Erwan Balanant : « La proportionnelle est une des clés pour sortir de la crise politique »

Erwan Balanant, député Les Démocrates du Finistère et secrétaire général adjoint du MoDem, est l’un des artisans d’une proposition de loi transpartisane visant à instaurer la proportionnelle aux élections législatives. Pour lui, cette réforme est indispensable pour « sortir de la crise politique » grâce au changement de mode de scrutin. Il en détaille les enjeux dans un entretien accordé au Télégramme.
Pourquoi déposer maintenant une proposition de loi visant à instaurer la proportionnelle aux élections législatives ?
Nous estimons que le moment est opportun avec la mise en place d'un nouveau gouvernement. Au-delà des enjeux économiques et budgétaires, qui sont certes importants, la France traverse avant tout une crise politique profonde.
Pour éviter que le fossé ne se creuse davantage entre les citoyens et les responsables politiques, il faut changer nos pratiques. Or, un changement de pratique est impossible sans un changement de mode de scrutin.
Le système majoritaire actuel, où celui qui gagne prend tout et celui qui perd s'oppose à tout, mène au blocage. Il faut en sortir.
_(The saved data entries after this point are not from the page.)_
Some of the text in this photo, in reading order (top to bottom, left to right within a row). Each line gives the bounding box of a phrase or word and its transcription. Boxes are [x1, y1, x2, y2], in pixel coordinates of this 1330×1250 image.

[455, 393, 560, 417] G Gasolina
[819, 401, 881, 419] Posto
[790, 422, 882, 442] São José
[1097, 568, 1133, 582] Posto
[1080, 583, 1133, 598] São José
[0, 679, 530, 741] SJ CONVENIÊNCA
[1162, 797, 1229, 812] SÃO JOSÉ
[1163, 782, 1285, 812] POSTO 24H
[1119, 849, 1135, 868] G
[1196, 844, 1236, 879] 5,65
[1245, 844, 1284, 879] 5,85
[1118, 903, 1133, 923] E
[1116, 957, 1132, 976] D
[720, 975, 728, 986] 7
Cette proposition de loi est le fruit d'un travail mené depuis septembre, réunissant chaque semaine des députés de groupes très différents : EPR, Écologiste, GDR, PS et MoDem (*). Le fait que nous soyons parvenus à un texte commun par le dialogue et le compromis, loin de toute pression électorale, prouve que c'est possible.
Quel modèle de scrutin proportionnel proposez-vous ?
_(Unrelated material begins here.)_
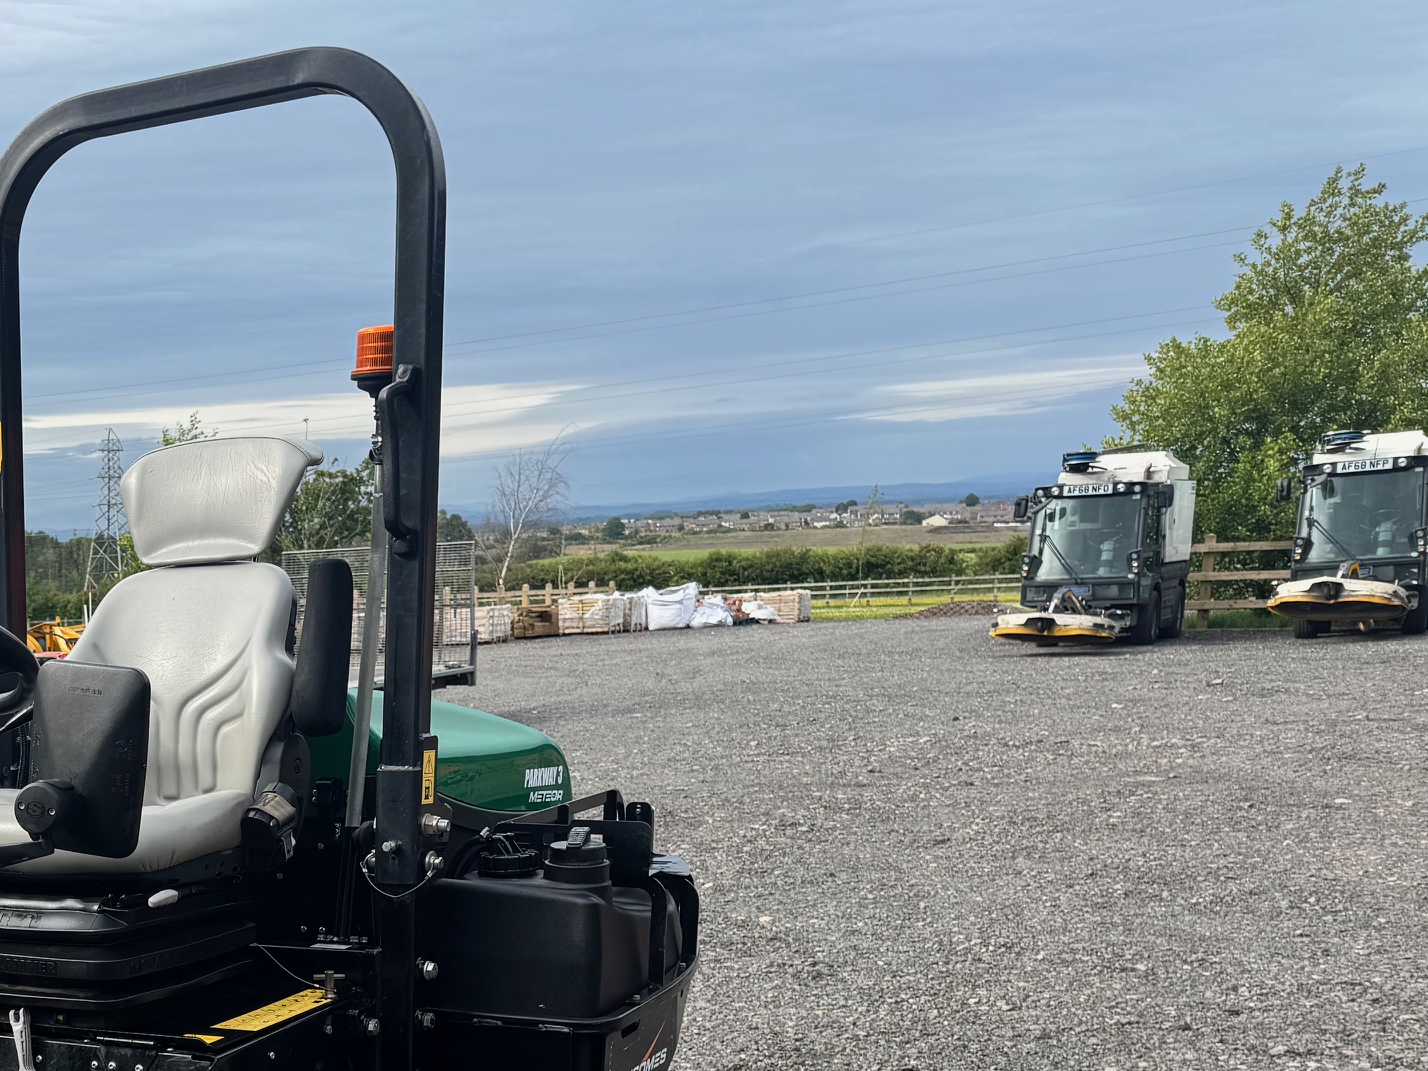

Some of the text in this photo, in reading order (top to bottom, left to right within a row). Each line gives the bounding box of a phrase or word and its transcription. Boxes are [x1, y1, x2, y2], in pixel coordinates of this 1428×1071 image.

Nous proposons un système mixte, inspiré de ce qui fonctionne chez nos voisins allemands ou danois. Concrètement, 60 % des députés resteraient élus au scrutin majoritaire dans des circonscriptions, dont le nombre serait réduit. 40 % des députés seraient issus de listes nationales.
Le jour du vote, l'électeur aurait deux bulletins : un pour le candidat de sa circonscription et un pour une liste nationale. Ce système a le double avantage de conserver un ancrage territorial fort pour les élus tout en assurant une représentation juste des grands courants politiques nationaux grâce à la compensation par la liste nationale.
C'est une solution de compromis. Personnellement, j'étais plutôt favorable au modèle de 1986, les écologistes penchaient pour des listes régionales... Mais les simulations et le travail en commun nous ont convaincus que ce modèle mixte est la meilleure solution.
(...)
L'objectif est donc d'obliger les partis à trouver des compromis ?
Exactement. Le but est que chaque force politique défende ses idées clairement devant les électeurs. Ensuite, comme personne ne pourrait gagner seul, le compromis deviendrait une obligation pour gouverner. Cela mettrait fin aux alliances électorales forcées ou contre-nature que le scrutin majoritaire impose.
Un parti pourrait alors s'allier avec un autre sur un sujet précis où leurs idées convergent, même s'ils sont dans l'opposition sur d'autres thèmes.
Il s'agit de redonner sa légitimité à chaque courant politique.
Quelles chances donnez-vous à cette proposition de loi d'aboutir ?
Je pense sincèrement que c'est une des clés pour sortir de la crise politique. Il faut rappeler un fait simple : la France est la seule démocratie européenne à conserver un scrutin purement majoritaire. Tous nos voisins ont une forme de proportionnelle et parviennent à mener les grandes réformes nécessaires.
On ne peut pas rester le pays où tout est bloqué. Nous espérons un signe du Premier ministre lors de sa déclaration de politique générale.
Le théorème est simple : les pratiques politiques sont directement liées au mode de scrutin. Pour changer les pratiques, il faut changer le scrutin.
Lire l'entretien complet dans Le Télégramme.
(*) Le texte déposé par Erwan Balanant (MoDem), Guillaume Gouffier Valente (Ensemble pour la République), Jérémie Iordanoff (Écologiste) et Marie Récalde (PS) est également soutenu par 14 députés, dont l'ancien président de la République François Hollande, le macroniste Vincent Caure, la présidente du groupe écologiste Cyrielle Chatelain ou encore le député du groupe PCF Emmanuel Maurel.